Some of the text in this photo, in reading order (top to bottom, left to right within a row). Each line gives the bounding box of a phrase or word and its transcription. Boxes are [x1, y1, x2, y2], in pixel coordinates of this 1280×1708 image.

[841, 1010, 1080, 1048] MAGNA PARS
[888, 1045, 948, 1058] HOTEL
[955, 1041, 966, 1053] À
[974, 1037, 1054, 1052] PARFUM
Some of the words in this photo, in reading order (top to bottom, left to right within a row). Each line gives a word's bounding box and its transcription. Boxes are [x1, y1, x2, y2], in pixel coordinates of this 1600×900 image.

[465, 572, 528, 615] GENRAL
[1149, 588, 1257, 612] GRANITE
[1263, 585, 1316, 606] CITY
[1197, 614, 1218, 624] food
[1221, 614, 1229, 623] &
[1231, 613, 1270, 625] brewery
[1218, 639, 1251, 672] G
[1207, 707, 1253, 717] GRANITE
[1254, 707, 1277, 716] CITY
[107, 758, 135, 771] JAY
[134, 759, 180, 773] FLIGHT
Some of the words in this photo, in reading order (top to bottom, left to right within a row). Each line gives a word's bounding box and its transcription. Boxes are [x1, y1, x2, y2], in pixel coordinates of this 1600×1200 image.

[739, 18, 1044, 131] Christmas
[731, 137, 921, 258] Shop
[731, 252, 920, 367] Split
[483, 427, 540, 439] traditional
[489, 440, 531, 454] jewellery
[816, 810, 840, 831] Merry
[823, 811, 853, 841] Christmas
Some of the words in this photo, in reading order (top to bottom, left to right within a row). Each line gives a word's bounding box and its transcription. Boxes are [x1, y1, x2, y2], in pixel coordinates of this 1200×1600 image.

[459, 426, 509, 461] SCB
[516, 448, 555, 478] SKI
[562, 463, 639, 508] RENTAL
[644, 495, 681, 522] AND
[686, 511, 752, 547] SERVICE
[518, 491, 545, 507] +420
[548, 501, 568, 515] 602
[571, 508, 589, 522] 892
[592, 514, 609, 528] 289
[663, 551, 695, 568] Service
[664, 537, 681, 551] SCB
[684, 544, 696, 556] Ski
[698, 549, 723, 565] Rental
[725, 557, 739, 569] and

───

» **Task instructions**: Going from the line that contains "this 1600×1200 image." to the last line of the records, reproduce every line as written.

» **Completed task**:
Some of the words in this photo, in reading order (top to bottom, left to right within a row). Each line gives a word's bounding box and its transcription. Boxes are [x1, y1, x2, y2], in pixel coordinates of this 1600×1200 image.

[739, 18, 1044, 131] Christmas
[731, 137, 921, 258] Shop
[731, 252, 920, 367] Split
[483, 427, 540, 439] traditional
[489, 440, 531, 454] jewellery
[816, 810, 840, 831] Merry
[823, 811, 853, 841] Christmas
Some of the words in this photo, in reading order (top to bottom, left to right within a row). Each line gives a word's bounding box and its transcription. Boxes are [x1, y1, x2, y2], in pixel coordinates of this 1200×1600 image.

[459, 426, 509, 461] SCB
[516, 448, 555, 478] SKI
[562, 463, 639, 508] RENTAL
[644, 495, 681, 522] AND
[686, 511, 752, 547] SERVICE
[518, 491, 545, 507] +420
[548, 501, 568, 515] 602
[571, 508, 589, 522] 892
[592, 514, 609, 528] 289
[663, 551, 695, 568] Service
[664, 537, 681, 551] SCB
[684, 544, 696, 556] Ski
[698, 549, 723, 565] Rental
[725, 557, 739, 569] and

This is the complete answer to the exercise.